Stored items:
----
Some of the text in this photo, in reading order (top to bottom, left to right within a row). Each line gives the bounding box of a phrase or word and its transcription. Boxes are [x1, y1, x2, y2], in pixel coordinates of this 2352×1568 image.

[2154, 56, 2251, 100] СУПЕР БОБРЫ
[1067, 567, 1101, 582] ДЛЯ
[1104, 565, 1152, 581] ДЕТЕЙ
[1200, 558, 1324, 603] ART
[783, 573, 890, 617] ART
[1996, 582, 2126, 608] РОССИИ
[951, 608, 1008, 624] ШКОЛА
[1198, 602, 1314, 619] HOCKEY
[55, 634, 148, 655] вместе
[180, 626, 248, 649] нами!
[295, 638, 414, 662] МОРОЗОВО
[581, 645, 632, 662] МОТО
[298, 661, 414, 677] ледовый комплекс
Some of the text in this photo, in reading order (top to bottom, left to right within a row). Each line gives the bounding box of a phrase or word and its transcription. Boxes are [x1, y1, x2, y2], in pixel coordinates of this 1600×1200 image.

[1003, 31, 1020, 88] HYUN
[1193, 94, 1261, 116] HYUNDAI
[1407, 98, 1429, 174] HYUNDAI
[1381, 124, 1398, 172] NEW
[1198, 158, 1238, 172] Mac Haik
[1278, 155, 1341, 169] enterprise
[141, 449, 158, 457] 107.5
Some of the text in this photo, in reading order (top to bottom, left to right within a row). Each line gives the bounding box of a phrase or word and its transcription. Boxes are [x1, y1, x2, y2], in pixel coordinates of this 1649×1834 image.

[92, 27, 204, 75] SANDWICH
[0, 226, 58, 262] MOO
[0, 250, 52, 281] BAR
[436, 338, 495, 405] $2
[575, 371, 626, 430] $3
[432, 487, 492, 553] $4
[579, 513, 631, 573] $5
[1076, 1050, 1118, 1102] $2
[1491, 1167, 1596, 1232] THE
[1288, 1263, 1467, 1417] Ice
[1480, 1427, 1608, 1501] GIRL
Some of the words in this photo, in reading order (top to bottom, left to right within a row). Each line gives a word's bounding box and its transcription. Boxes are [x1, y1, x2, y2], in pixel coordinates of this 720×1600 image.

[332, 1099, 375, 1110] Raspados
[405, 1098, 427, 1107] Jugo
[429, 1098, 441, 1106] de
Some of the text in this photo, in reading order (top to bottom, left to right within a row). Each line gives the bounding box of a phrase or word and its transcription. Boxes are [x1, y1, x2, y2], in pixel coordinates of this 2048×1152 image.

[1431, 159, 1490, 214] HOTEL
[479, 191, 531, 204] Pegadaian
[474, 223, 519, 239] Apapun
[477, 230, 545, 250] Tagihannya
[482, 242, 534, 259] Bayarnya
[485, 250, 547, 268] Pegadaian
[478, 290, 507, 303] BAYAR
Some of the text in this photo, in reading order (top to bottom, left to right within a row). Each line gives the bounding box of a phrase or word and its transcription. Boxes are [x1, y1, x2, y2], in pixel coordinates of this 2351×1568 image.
----
• _WHAT TO WORK ON_
Copy all of the data exactly.

• _EXERCISE ANSWER_
Some of the text in this photo, in reading order (top to bottom, left to right within a row). Each line gives the bounding box of a phrase or word and its transcription. Boxes are [x1, y1, x2, y2], in pixel coordinates of this 2352×1568 image.

[2154, 56, 2251, 100] СУПЕР БОБРЫ
[1067, 567, 1101, 582] ДЛЯ
[1104, 565, 1152, 581] ДЕТЕЙ
[1200, 558, 1324, 603] ART
[783, 573, 890, 617] ART
[1996, 582, 2126, 608] РОССИИ
[951, 608, 1008, 624] ШКОЛА
[1198, 602, 1314, 619] HOCKEY
[55, 634, 148, 655] вместе
[180, 626, 248, 649] нами!
[295, 638, 414, 662] МОРОЗОВО
[581, 645, 632, 662] МОТО
[298, 661, 414, 677] ледовый комплекс
Some of the text in this photo, in reading order (top to bottom, left to right within a row). Each line gives the bounding box of a phrase or word and its transcription. Boxes are [x1, y1, x2, y2], in pixel coordinates of this 1600×1200 image.

[1003, 31, 1020, 88] HYUN
[1193, 94, 1261, 116] HYUNDAI
[1407, 98, 1429, 174] HYUNDAI
[1381, 124, 1398, 172] NEW
[1198, 158, 1238, 172] Mac Haik
[1278, 155, 1341, 169] enterprise
[141, 449, 158, 457] 107.5
Some of the text in this photo, in reading order (top to bottom, left to right within a row). Each line gives the bounding box of a phrase or word and its transcription. Boxes are [x1, y1, x2, y2], in pixel coordinates of this 1649×1834 image.

[92, 27, 204, 75] SANDWICH
[0, 226, 58, 262] MOO
[0, 250, 52, 281] BAR
[436, 338, 495, 405] $2
[575, 371, 626, 430] $3
[432, 487, 492, 553] $4
[579, 513, 631, 573] $5
[1076, 1050, 1118, 1102] $2
[1491, 1167, 1596, 1232] THE
[1288, 1263, 1467, 1417] Ice
[1480, 1427, 1608, 1501] GIRL
Some of the words in this photo, in reading order (top to bottom, left to right within a row). Each line gives a word's bounding box and its transcription. Boxes are [x1, y1, x2, y2], in pixel coordinates of this 720×1600 image.

[332, 1099, 375, 1110] Raspados
[405, 1098, 427, 1107] Jugo
[429, 1098, 441, 1106] de
Some of the text in this photo, in reading order (top to bottom, left to right within a row). Each line gives the bounding box of a phrase or word and its transcription. Boxes are [x1, y1, x2, y2], in pixel coordinates of this 2048×1152 image.

[1431, 159, 1490, 214] HOTEL
[479, 191, 531, 204] Pegadaian
[474, 223, 519, 239] Apapun
[477, 230, 545, 250] Tagihannya
[482, 242, 534, 259] Bayarnya
[485, 250, 547, 268] Pegadaian
[478, 290, 507, 303] BAYAR
Some of the text in this photo, in reading order (top to bottom, left to right within a row). Each line gives the bounding box of a phrase or word and its transcription. Boxes are [x1, y1, x2, y2], in pixel coordinates of this 2351×1568 image.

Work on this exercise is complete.